The forewarned Middlebury College authorities were not entirely clueless.  The president, Laurie Patton, attended and gave a little pep-talk about the ideals of liberal education.  I do not know President Patton, but I wish her well.  In her unsuccessful preliminary remarks—unsuccessful in that they failed entirely to prevent a scandalous episode that will be a long-lasting stain on her institution’s reputation—she said a number of good and sensible things.  She said one or two really stupid ones as well.  After ritually but cravenly assuring the crowd that she disagreed with Murray (about what?—the man was not allowed to utter a public word) she went on to praise the “brilliance” of every precious student at Middlebury and to thank them for coming.  The protestors then released their brilliance in the form of a bedlam of repetitive chants such as “Racist, sexist, anti-gay, Charles Murray go away!”  Another was “Your message is hatred; we will not tolerate it.”  Murray, no stranger to student protest, had to credit at least the novelty of the anti-gay charge.  And of course to identify his undelivered “message” as hatred required mind-reading, which I suppose is a kind of brilliance.
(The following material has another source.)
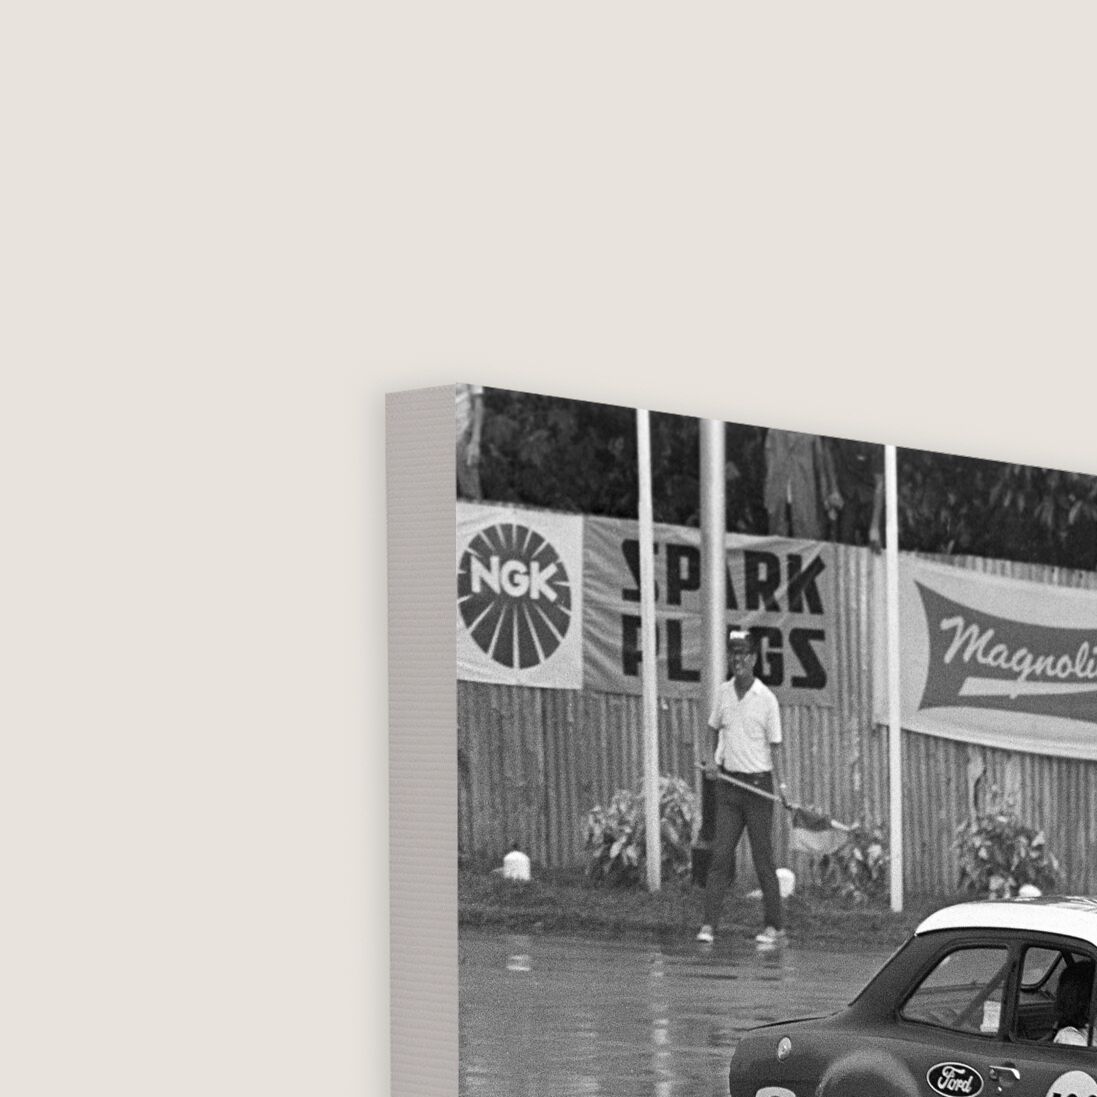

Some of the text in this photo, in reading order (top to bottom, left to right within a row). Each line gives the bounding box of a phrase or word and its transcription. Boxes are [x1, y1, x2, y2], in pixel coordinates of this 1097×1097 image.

The speaker’s party eventually withdrew to a supposedly safe broadcasting bunker so that Murray might give his talk via CCTV.  There he calmly, courteously, and urbanely soldiered on with a sort of off-the-cuff mini-lecture through muffled bangings and raucous fire alarms.  A partial recording preserves enough of his comments to allow an intelligent person to adjudicate their degree of capital heresy.  It was only after the whole thing was over that protesters physically attacked (by jostling, man-handling, and car-rocking) the speaker and his faculty “conversation partner,” sending her off to the hospital with a minor injury.

The Middlebury College Latin motto, a noble one, is so simple that you don’t need an advanced degree to get it: Scientia et Virtus.  On the old college seal—very recently changed to accommodate the global aspirations of the institution--this motto curves in a semicircle atop an open book.  I had many opportunities to study its Protestant iconography during lengthy graduation ceremonies at the Bread Loaf School.  The book seems to be strangely radiant.  I supposed it was sending off rays of, well, knowledge and virtue. But maybe they are just burning it.